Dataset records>
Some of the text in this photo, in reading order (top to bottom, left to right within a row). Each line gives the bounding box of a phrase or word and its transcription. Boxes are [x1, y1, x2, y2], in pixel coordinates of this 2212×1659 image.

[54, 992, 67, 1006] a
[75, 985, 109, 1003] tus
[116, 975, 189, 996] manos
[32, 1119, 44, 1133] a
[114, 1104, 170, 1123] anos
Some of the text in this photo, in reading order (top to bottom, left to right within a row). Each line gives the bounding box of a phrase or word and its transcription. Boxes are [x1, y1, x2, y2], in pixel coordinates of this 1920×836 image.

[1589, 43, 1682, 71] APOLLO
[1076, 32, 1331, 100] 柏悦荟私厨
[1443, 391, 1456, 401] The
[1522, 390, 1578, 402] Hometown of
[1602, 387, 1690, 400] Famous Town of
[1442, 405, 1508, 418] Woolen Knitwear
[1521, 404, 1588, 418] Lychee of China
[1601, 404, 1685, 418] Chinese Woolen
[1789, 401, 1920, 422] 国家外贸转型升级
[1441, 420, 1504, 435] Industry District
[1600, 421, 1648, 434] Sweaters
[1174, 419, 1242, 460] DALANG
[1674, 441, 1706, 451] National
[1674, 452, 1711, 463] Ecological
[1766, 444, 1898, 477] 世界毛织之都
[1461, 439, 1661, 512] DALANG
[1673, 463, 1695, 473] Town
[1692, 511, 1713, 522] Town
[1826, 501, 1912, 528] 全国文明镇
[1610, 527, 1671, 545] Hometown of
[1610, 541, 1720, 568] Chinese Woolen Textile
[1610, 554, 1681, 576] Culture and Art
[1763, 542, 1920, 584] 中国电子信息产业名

EXERCISE DETAILS>
May I have the entries returned exactly, with every line in place?

EXERCISE SOLUTION>
Some of the text in this photo, in reading order (top to bottom, left to right within a row). Each line gives the bounding box of a phrase or word and its transcription. Boxes are [x1, y1, x2, y2], in pixel coordinates of this 2212×1659 image.

[54, 992, 67, 1006] a
[75, 985, 109, 1003] tus
[116, 975, 189, 996] manos
[32, 1119, 44, 1133] a
[114, 1104, 170, 1123] anos
Some of the text in this photo, in reading order (top to bottom, left to right within a row). Each line gives the bounding box of a phrase or word and its transcription. Boxes are [x1, y1, x2, y2], in pixel coordinates of this 1920×836 image.

[1589, 43, 1682, 71] APOLLO
[1076, 32, 1331, 100] 柏悦荟私厨
[1443, 391, 1456, 401] The
[1522, 390, 1578, 402] Hometown of
[1602, 387, 1690, 400] Famous Town of
[1442, 405, 1508, 418] Woolen Knitwear
[1521, 404, 1588, 418] Lychee of China
[1601, 404, 1685, 418] Chinese Woolen
[1789, 401, 1920, 422] 国家外贸转型升级
[1441, 420, 1504, 435] Industry District
[1600, 421, 1648, 434] Sweaters
[1174, 419, 1242, 460] DALANG
[1674, 441, 1706, 451] National
[1674, 452, 1711, 463] Ecological
[1766, 444, 1898, 477] 世界毛织之都
[1461, 439, 1661, 512] DALANG
[1673, 463, 1695, 473] Town
[1692, 511, 1713, 522] Town
[1826, 501, 1912, 528] 全国文明镇
[1610, 527, 1671, 545] Hometown of
[1610, 541, 1720, 568] Chinese Woolen Textile
[1610, 554, 1681, 576] Culture and Art
[1763, 542, 1920, 584] 中国电子信息产业名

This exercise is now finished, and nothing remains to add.